Now that the Google Glass Explorer program is in full swing, we're starting to learn more about the device. A few days ago, developer Jay Lee pulled some hardware specs from his, er, specs. Glass features a dual-core OMAP 4430 CPU and what looks like a gig of RAM—similar horsepower to smartphones from a couple years ago. (As we reported last month, the glasses also have 16GB of flash memory, a 5MP camera that can shoot 720p video, and both Wi-Fi and Bluetooth.)
This sort of prodding apparently isn't verboten. Google is encouraging developers to poke around inside its wearable computer, which is unlocked to provide unfettered access. Explorers have ponied up $1,500 each for Google Glass, says Google's Stephen Lau, and they're free to hack it as they please. They just can't "resell, loan, transfer, or give" the device to "any other person," according to Glass' restrictive terms of sale.
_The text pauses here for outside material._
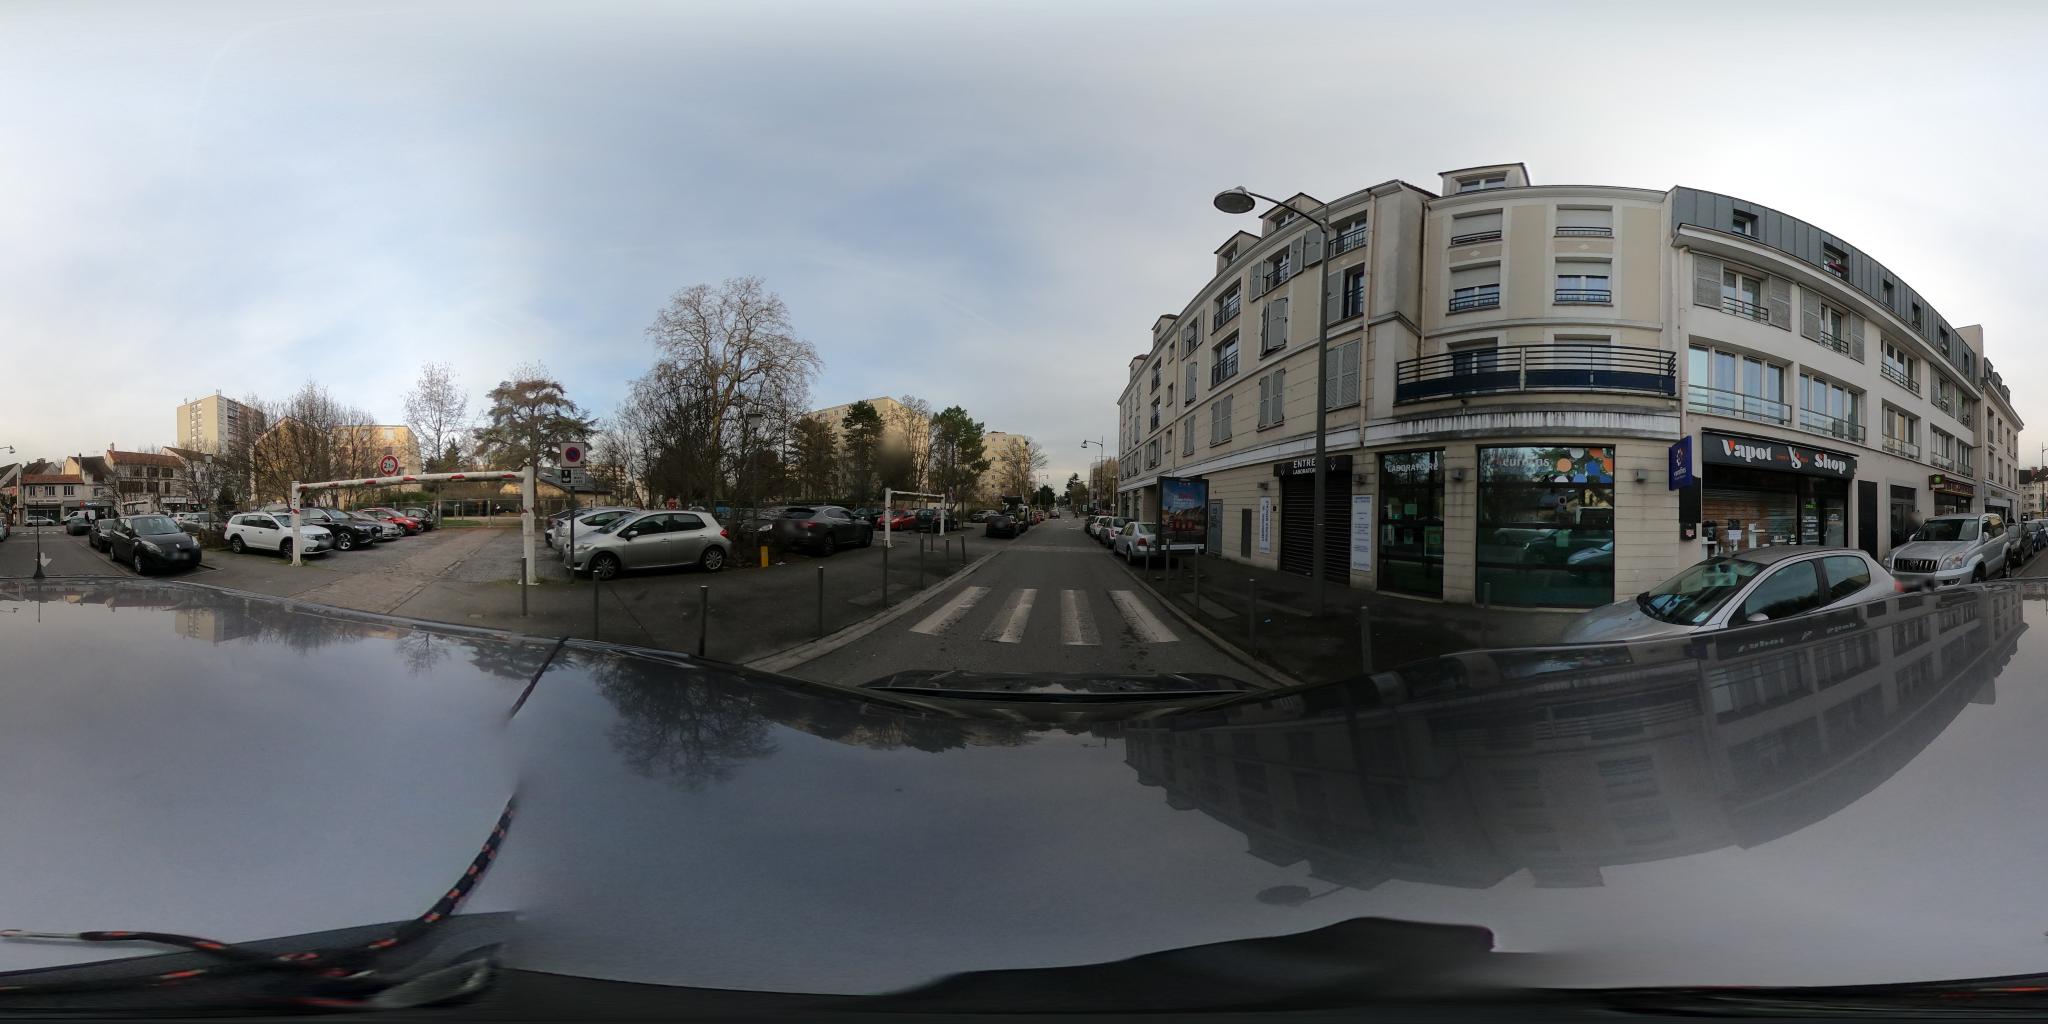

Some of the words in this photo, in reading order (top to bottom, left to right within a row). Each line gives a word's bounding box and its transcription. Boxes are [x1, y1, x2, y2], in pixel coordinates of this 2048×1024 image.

[1293, 458, 1316, 469] ENTRE
[1721, 438, 1772, 463] Vapot
[1814, 451, 1847, 475] Shop
So, what can you do with Google Glass? This handy how-to video explains the basics:
While I have little need for a heads-up display, I have to admit that looks pretty cool. The simple interface seems fairly intuitive, and Google's current design language is a good fit for the UI.
Google Glass has voice recognition, too, although Executive Chairman Eric Schmidt admitted that talking to the glasses is "the weirdest thing." According to Reuters, that choice quote comes from a speech to Harvard students, in which Schmidt also conceded that there are "obviously places where Google Glasses are inappropriate." At least the folks wearing them will be easy to spot.